The CDC has released another “more of the same” report on e-cigarette awareness and use. The lead author is Dr. Brian King; the report appears in Nicotine & Tobacco Research.

While the manuscript refers at least 15 times to an “increase” in U.S. e-cigarette use from 2010 to 2013, Dr. King informed the media that e-cigarette use is leveling off. Ironically, Dr. King characterized the plateau in use of a vastly safer cigarette substitute as “a positive note.”

On what did Dr. King base his “leveling” remark? His conclusion was cherry-picked from two out of about 100 percentage figures in Table 2 (in yellow in the screenshot on the left; you’ll need some magnification). Those percentages were not even mentioned in the results, but Dr. King considered them important enough to highlight for the media.

This is a perfect example of the CDC producing data claiming one thing – a “considerable,” “marked,” “rapid,” “doubling” increase in e-cigarette use – then pitching it to the media as something else – a “leveling,” which is “positive.” The agency’s purpose is to disparage a vastly safer cigarette alternative.

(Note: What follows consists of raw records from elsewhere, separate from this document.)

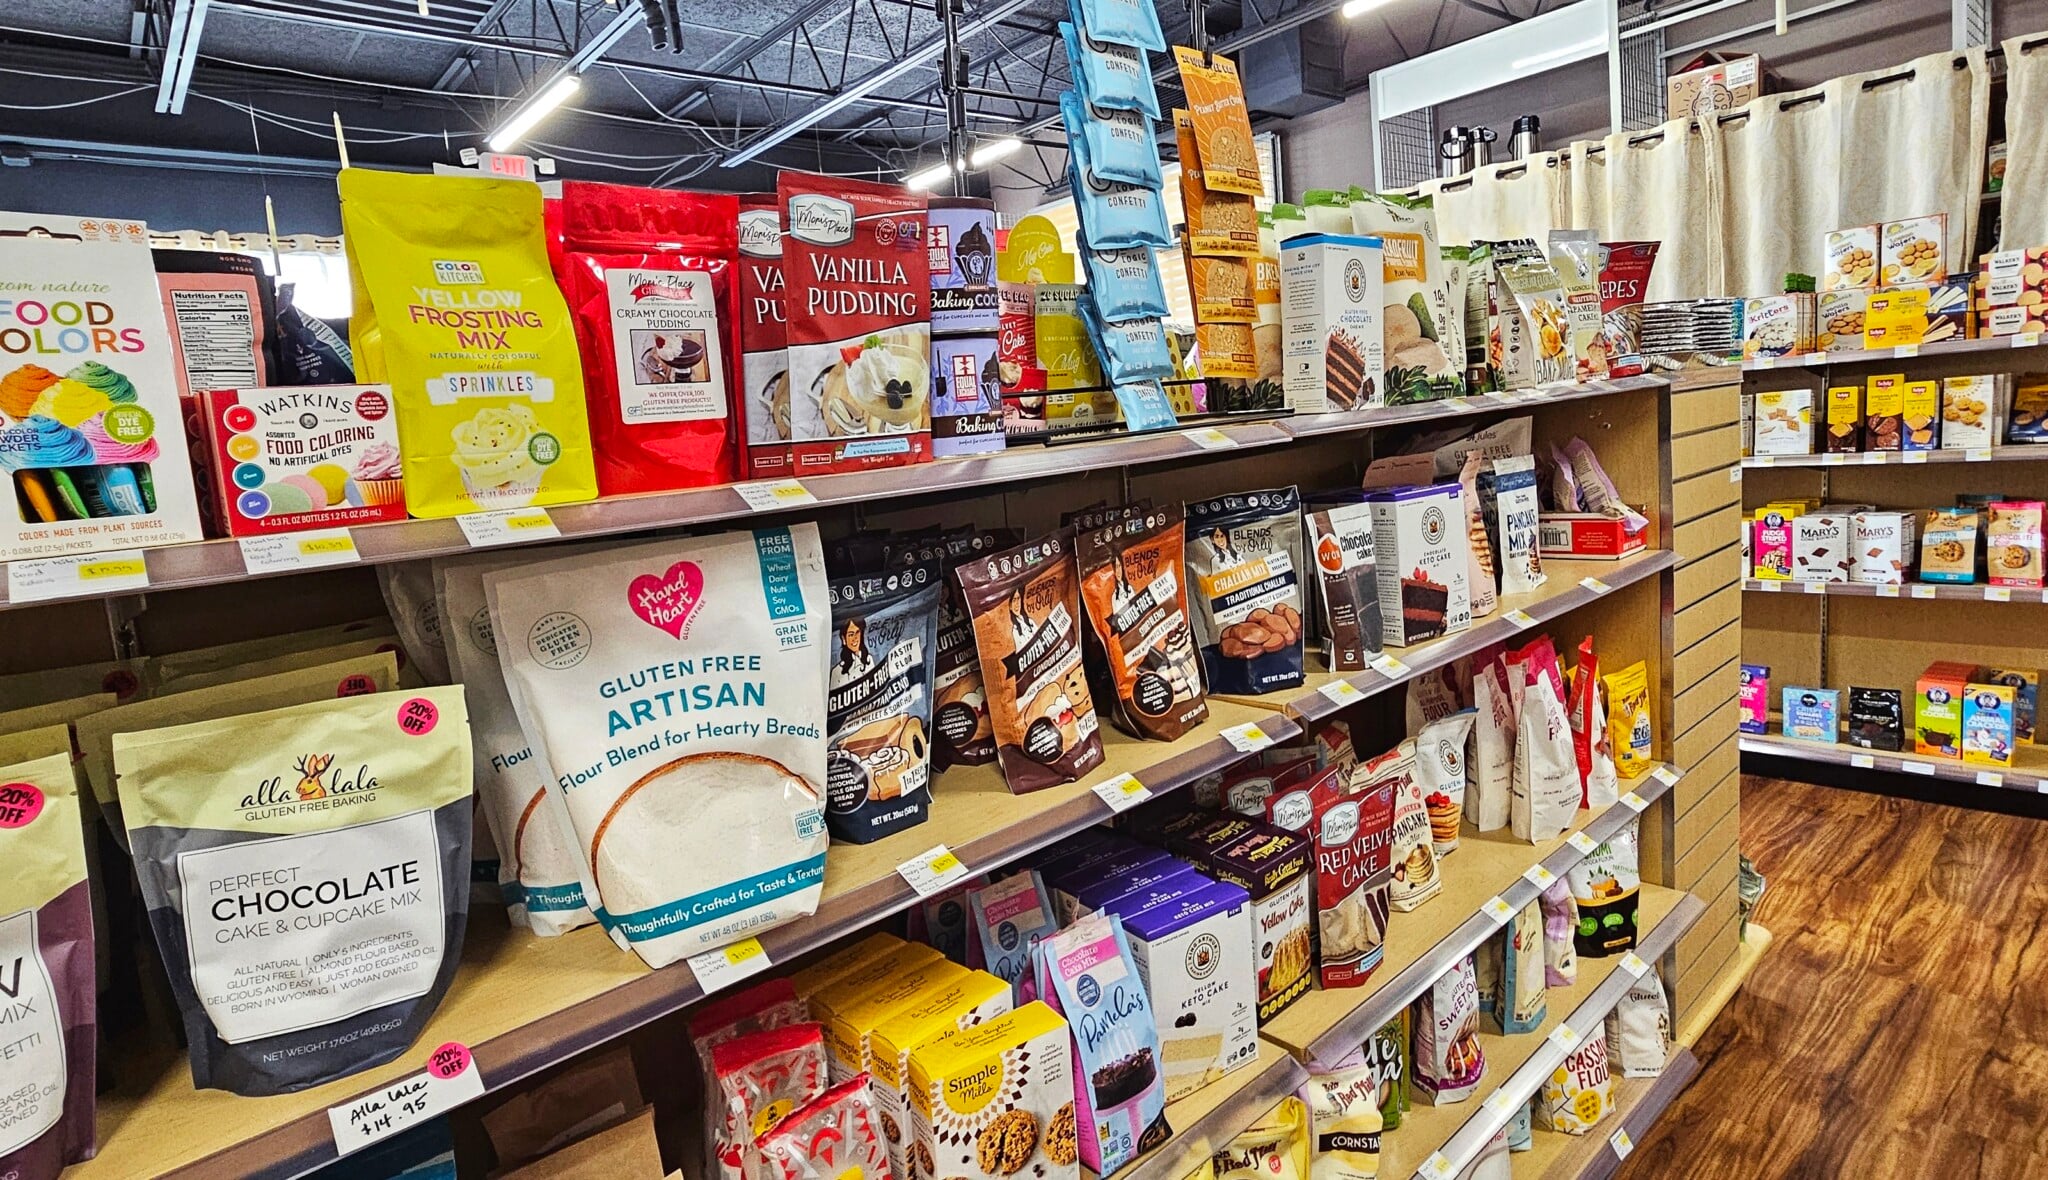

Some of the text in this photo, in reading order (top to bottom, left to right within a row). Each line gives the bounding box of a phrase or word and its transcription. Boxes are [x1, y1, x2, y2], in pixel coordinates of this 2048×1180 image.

[1111, 49, 1138, 61] LOGIC
[1106, 60, 1139, 79] CONFETTI
[1116, 116, 1142, 129] LOGIC
[1111, 128, 1144, 145] CONFETTI
[1108, 194, 1147, 209] CONFETTI
[799, 210, 849, 234] Mom's Place
[1122, 253, 1147, 263] LOGIC
[439, 271, 484, 282] KITCHEN
[809, 253, 909, 285] VANILLA
[1116, 267, 1149, 279] CONFETTI
[42, 281, 112, 293] nature
[667, 275, 695, 289] Place
[412, 286, 522, 308] YELLOW
[808, 287, 917, 316] PUDDING
[409, 305, 542, 329] FROSTING
[617, 309, 713, 319] CREAMY CHOCOLATE
[647, 319, 690, 328] PUDDING
[1340, 315, 1372, 323] CHOCOLATE
[457, 331, 511, 350] MIX
[1002, 331, 1026, 355] Cake
[1126, 329, 1157, 344] CONFETTI
[477, 361, 504, 370] with
[450, 375, 534, 393] SPRINKLES
[956, 375, 976, 388] EQUAL
[258, 394, 352, 416] WATKINS
[117, 427, 144, 436] FREE
[118, 418, 139, 429] DYE
[956, 416, 996, 435] Baking
[267, 426, 375, 454] FOOD COLORING
[1489, 445, 1511, 454] FREE
[269, 445, 351, 466] NO ARTIFICIAL DYES
[302, 513, 329, 523] BOTTLES
[1506, 509, 1537, 532] PANCAKE
[18, 520, 163, 541] COLORS MADE FROM PLANT SOURCES
[1234, 527, 1274, 540] BLENDS
[1801, 526, 1840, 538] MARY'S
[1856, 526, 1893, 538] MARY'S
[66, 541, 93, 549] PACKETS
[759, 535, 789, 547] FREE
[761, 544, 791, 555] FROM
[1508, 530, 1527, 551] MIX
[1125, 548, 1159, 567] BLENDS
[1356, 548, 1372, 561] cake
[1419, 554, 1451, 565] KETO CAKE
[1423, 548, 1447, 556] CHOCOLATE
[767, 563, 791, 573] Wheat
[1137, 561, 1157, 579] Orly
[769, 574, 789, 584] Dairy
[1214, 568, 1253, 592] CHALLAH
[637, 570, 689, 609] Hand
[770, 584, 788, 594] Nuts
[1226, 576, 1286, 606] TRADITIONAL CHALLAH
[648, 591, 693, 626] Heart
[772, 595, 786, 605] Soy
[775, 604, 800, 615] GMOs
[536, 623, 577, 646] DEDICATED
[775, 623, 808, 636] GRAIN
[540, 629, 581, 653] GLUTEN
[550, 640, 576, 657] FREE
[781, 633, 807, 646] FREE
[599, 656, 761, 698] GLUTEN FREE
[830, 662, 889, 713] GLUTEN-FREE
[410, 702, 433, 720] 20%
[608, 682, 766, 737] ARTISAN
[1423, 701, 1452, 721] FLOUR
[1921, 711, 1957, 720] COOKIES
[403, 716, 425, 732] OFF
[1967, 721, 2009, 730] CRACKERS
[1970, 716, 2006, 724] ANIMAL
[559, 720, 820, 795] Flour Blend for Hearty Breads
[241, 764, 379, 808] alla lala
[246, 792, 376, 822] GLUTEN FREE BAKING
[1392, 811, 1428, 844] PANCAKE
[1320, 849, 1350, 873] RED
[210, 866, 300, 895] PERFECT
[1342, 856, 1378, 888] CAKE
[211, 860, 420, 922] CHOCOLATE
[216, 889, 421, 944] CAKE CUPCAKE MIX
[621, 880, 786, 935] Thoughtfully Crafted for Taste
[1261, 895, 1305, 932] Yellow Cake
[256, 931, 413, 973] NATURAL ONLY INGREDIENTS
[1062, 946, 1098, 968] Chocolate
[226, 938, 419, 990] GLUTEN FREE ALMOND FLOUR BASED
[1064, 965, 1082, 977] Cake
[207, 978, 313, 1006] DELICIOUS EASY
[231, 961, 418, 1013] BORN WYOMING WOMAN OWNED
[1181, 981, 1229, 1010] KETO CAKE
[1194, 981, 1216, 993] YELLOW
[1080, 986, 1144, 1053] Pamela's
[286, 1041, 327, 1057] WEIGHT
[432, 1046, 462, 1067] 20%
[440, 1061, 463, 1076] OFF
[949, 1064, 998, 1093] Simple
[350, 1080, 428, 1125] Alla lala
[960, 1084, 994, 1104] Mills
[1340, 1088, 1357, 1110] Red

The report contains other examples of distorted logic. A reasonable observation – “The marked increase [in use] among former smokers could be attributable to the use of e-cigarettes for cessation.” – is supported by the fact that “ever” e-cig use among former smokers increased to 10 percent in 2013. But King and his coauthors perversely observe that”

The increase could be attributable to new initiation of e-cigarettes among individuals who had successfully quit without previous use of the product, highlighting concerns over the potential for these products to promote relapse to combustible tobacco use.

In other words, the CDC thinks that e-cigs are a gateway to smoking because they might be corrupting former smokers who had previously been abstinent. As Lewis Carroll wrote, “It sounds uncommon nonsense.”